起初,这个输出毫无意义。我们刚刚看到 g 拥有成员 y,那么为什么它不在成员字典中?但是,如果你还记得,我们将 y 放入了类定义 Foo 中,而不是 g 中。

>>> vars(Foo)
{'y': 10, 'bar': <function bar at 0x4d6a3c>, '__module__': '__main__',
 'setx': <function setx at 0x4d6a04>, '__doc__': None}

在那里,我们拥有 Foo 类定义的所有成员。当 Python 检查 g.member 时,它首先在 g 的 vars 字典中检查“member”,然后检查 Foo。如果我们创建 g 的新成员,它将被添加到 g 的字典中,但不会被添加到 Foo 的字典中。

>>> g.setx(5)
>>> vars(g)
{'x': 5}

请注意,如果我们现在为 g.y 分配一个值,我们不是将该值分配给 Foo.y。

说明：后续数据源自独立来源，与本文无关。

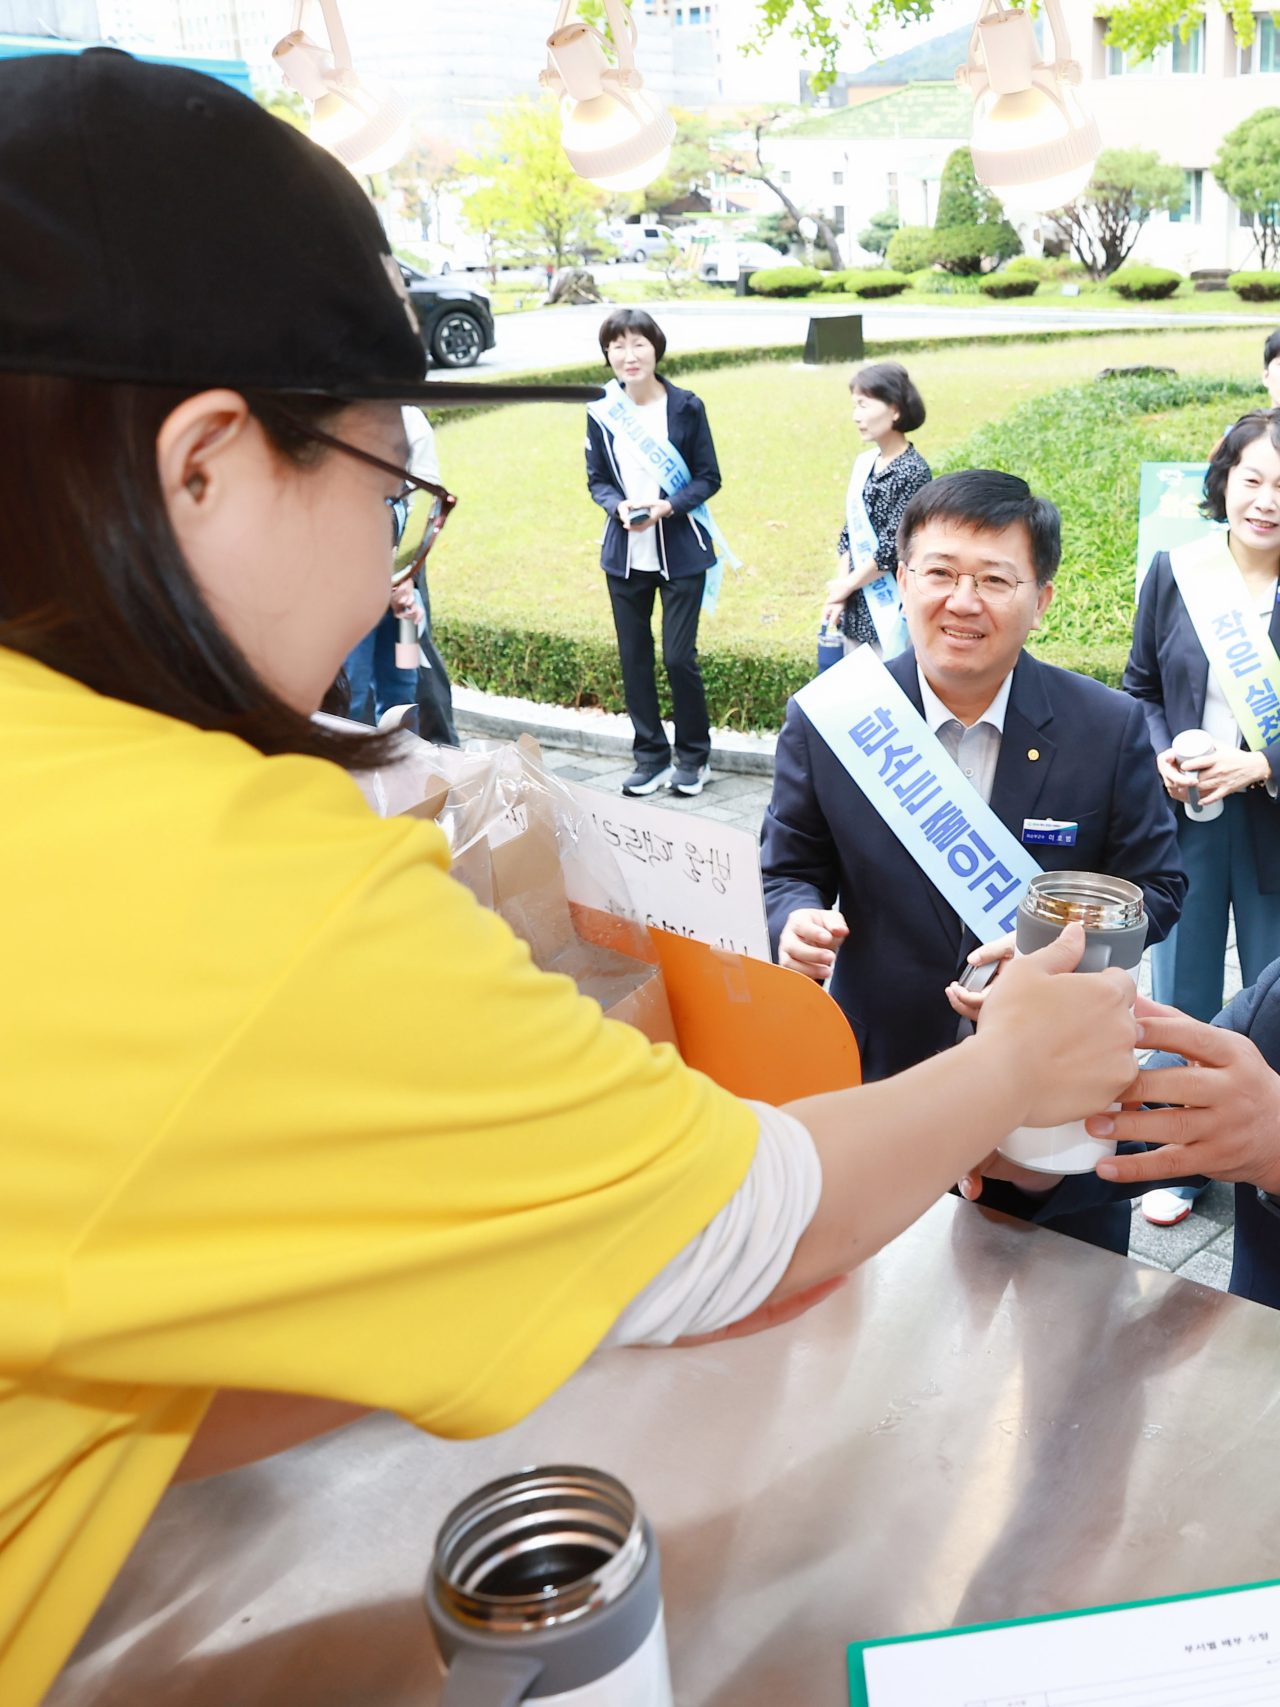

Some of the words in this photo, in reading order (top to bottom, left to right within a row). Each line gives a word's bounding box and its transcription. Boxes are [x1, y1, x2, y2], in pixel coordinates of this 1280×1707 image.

[1211, 608, 1262, 679] 작은
[848, 706, 941, 816] 탄소는
[919, 800, 1022, 914] 줄이고

Foo.y 将仍然是 10,但 g.y 现在将覆盖 Foo.y

>>> g.y = 9
>>> vars(g)
{'y': 9, 'x': 5}
>>> vars(Foo)
{'y': 10, 'bar': <function bar at 0x4d6a3c>, '__module__': '__main__',
 'setx': <function setx at 0x4d6a04>, '__doc__': None}

果然,如果我们检查这些值

>>> g.y
9
>>> Foo.y
10

请注意,f.y 也将是 10,因为 Python 不会在 vars(f) 中找到“y”,因此它将从 vars(Foo) 获取“y”的值。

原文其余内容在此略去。